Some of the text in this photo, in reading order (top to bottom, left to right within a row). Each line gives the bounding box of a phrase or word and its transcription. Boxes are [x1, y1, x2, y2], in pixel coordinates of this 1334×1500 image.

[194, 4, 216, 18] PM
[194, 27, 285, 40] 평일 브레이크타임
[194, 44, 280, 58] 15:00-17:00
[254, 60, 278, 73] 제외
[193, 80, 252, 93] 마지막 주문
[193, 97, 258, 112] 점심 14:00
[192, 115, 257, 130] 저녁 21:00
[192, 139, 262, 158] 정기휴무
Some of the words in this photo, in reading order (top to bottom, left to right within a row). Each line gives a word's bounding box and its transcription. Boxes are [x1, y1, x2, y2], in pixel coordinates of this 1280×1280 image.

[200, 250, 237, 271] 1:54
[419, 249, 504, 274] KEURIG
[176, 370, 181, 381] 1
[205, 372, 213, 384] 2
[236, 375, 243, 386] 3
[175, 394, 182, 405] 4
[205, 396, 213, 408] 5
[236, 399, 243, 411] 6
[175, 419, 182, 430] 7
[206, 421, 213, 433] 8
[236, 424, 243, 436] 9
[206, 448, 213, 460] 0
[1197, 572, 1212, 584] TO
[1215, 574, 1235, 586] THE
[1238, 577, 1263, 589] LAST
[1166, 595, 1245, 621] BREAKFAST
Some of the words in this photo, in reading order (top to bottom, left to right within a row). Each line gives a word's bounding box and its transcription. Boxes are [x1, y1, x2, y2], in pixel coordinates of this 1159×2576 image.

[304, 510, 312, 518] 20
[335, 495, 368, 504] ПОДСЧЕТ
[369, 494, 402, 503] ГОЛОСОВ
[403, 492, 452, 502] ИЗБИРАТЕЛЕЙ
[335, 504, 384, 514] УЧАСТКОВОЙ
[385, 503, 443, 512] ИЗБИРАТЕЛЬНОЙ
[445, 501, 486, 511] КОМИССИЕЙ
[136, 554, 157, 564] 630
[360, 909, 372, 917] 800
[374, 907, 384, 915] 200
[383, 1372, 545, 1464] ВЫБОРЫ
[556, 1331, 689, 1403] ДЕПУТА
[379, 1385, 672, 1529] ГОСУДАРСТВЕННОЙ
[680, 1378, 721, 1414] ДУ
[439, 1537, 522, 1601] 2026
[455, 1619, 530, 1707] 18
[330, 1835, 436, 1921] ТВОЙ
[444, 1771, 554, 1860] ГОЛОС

* **Exercise instructions**
Send back the whole listing, exactly as written.

* **Answer below**
Some of the text in this photo, in reading order (top to bottom, left to right within a row). Each line gives the bounding box of a phrase or word and its transcription. Boxes are [x1, y1, x2, y2], in pixel coordinates of this 1334×1500 image.

[194, 4, 216, 18] PM
[194, 27, 285, 40] 평일 브레이크타임
[194, 44, 280, 58] 15:00-17:00
[254, 60, 278, 73] 제외
[193, 80, 252, 93] 마지막 주문
[193, 97, 258, 112] 점심 14:00
[192, 115, 257, 130] 저녁 21:00
[192, 139, 262, 158] 정기휴무
Some of the words in this photo, in reading order (top to bottom, left to right within a row). Each line gives a word's bounding box and its transcription. Boxes are [x1, y1, x2, y2], in pixel coordinates of this 1280×1280 image.

[200, 250, 237, 271] 1:54
[419, 249, 504, 274] KEURIG
[176, 370, 181, 381] 1
[205, 372, 213, 384] 2
[236, 375, 243, 386] 3
[175, 394, 182, 405] 4
[205, 396, 213, 408] 5
[236, 399, 243, 411] 6
[175, 419, 182, 430] 7
[206, 421, 213, 433] 8
[236, 424, 243, 436] 9
[206, 448, 213, 460] 0
[1197, 572, 1212, 584] TO
[1215, 574, 1235, 586] THE
[1238, 577, 1263, 589] LAST
[1166, 595, 1245, 621] BREAKFAST
Some of the words in this photo, in reading order (top to bottom, left to right within a row). Each line gives a word's bounding box and its transcription. Boxes are [x1, y1, x2, y2], in pixel coordinates of this 1159×2576 image.

[304, 510, 312, 518] 20
[335, 495, 368, 504] ПОДСЧЕТ
[369, 494, 402, 503] ГОЛОСОВ
[403, 492, 452, 502] ИЗБИРАТЕЛЕЙ
[335, 504, 384, 514] УЧАСТКОВОЙ
[385, 503, 443, 512] ИЗБИРАТЕЛЬНОЙ
[445, 501, 486, 511] КОМИССИЕЙ
[136, 554, 157, 564] 630
[360, 909, 372, 917] 800
[374, 907, 384, 915] 200
[383, 1372, 545, 1464] ВЫБОРЫ
[556, 1331, 689, 1403] ДЕПУТА
[379, 1385, 672, 1529] ГОСУДАРСТВЕННОЙ
[680, 1378, 721, 1414] ДУ
[439, 1537, 522, 1601] 2026
[455, 1619, 530, 1707] 18
[330, 1835, 436, 1921] ТВОЙ
[444, 1771, 554, 1860] ГОЛОС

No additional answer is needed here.